**SOURCE INFORMATION**
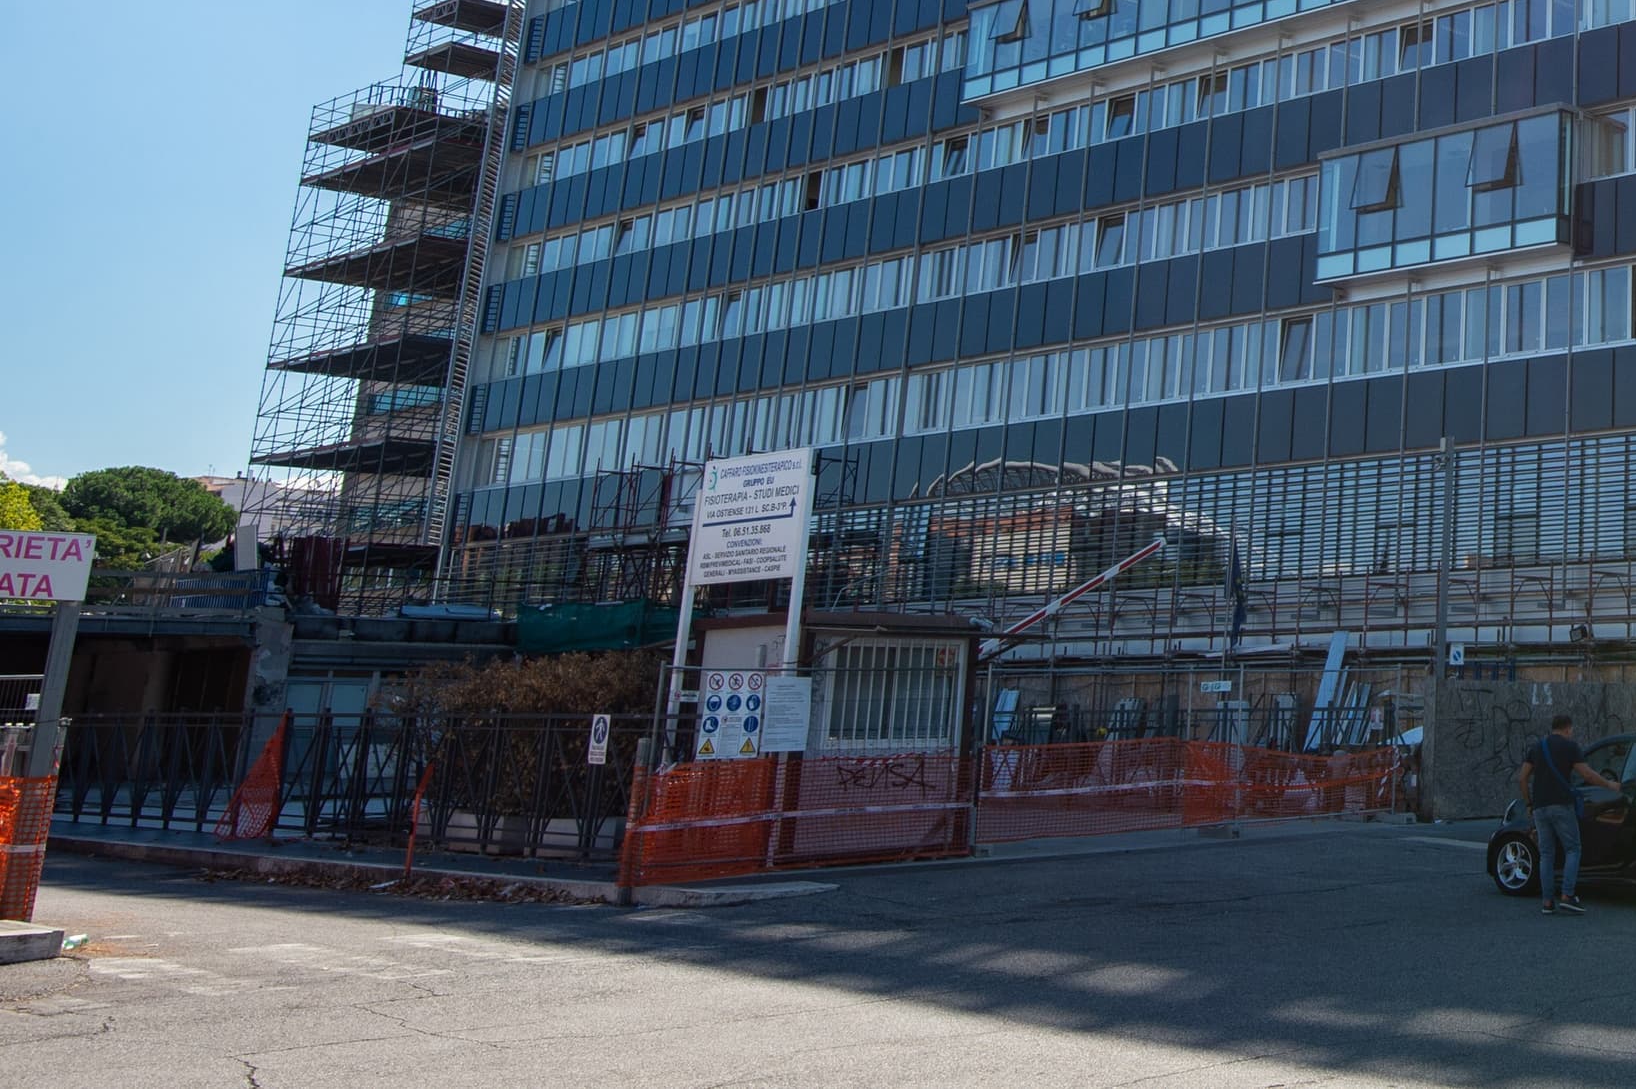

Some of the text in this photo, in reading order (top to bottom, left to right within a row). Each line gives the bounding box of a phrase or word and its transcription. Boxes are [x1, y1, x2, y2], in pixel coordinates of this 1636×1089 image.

[720, 465, 741, 479] CAFFARO
[743, 477, 764, 487] GRUPPO
[704, 491, 748, 506] FISIOTERAPIA
[753, 488, 773, 500] STUDI
[774, 485, 799, 497] MEDICI
[706, 510, 715, 519] VIA
[715, 507, 744, 518] OSTIENSE
[722, 528, 731, 538] Tel.
[703, 552, 712, 560] ASL
[715, 550, 734, 559] SERVIZIO
[735, 547, 759, 557] SANITARIO
[759, 545, 786, 555] REGIONALE
[704, 569, 725, 578] GENERALI

**EXERCISE BRIEF**
Every entry should be written out word for word, except for its pictures.

**WORKED SOLUTION**
Some of the text in this photo, in reading order (top to bottom, left to right within a row). Each line gives the bounding box of a phrase or word and its transcription. Boxes are [x1, y1, x2, y2], in pixel coordinates of this 1636×1089 image.

[720, 465, 741, 479] CAFFARO
[743, 477, 764, 487] GRUPPO
[704, 491, 748, 506] FISIOTERAPIA
[753, 488, 773, 500] STUDI
[774, 485, 799, 497] MEDICI
[706, 510, 715, 519] VIA
[715, 507, 744, 518] OSTIENSE
[722, 528, 731, 538] Tel.
[703, 552, 712, 560] ASL
[715, 550, 734, 559] SERVIZIO
[735, 547, 759, 557] SANITARIO
[759, 545, 786, 555] REGIONALE
[704, 569, 725, 578] GENERALI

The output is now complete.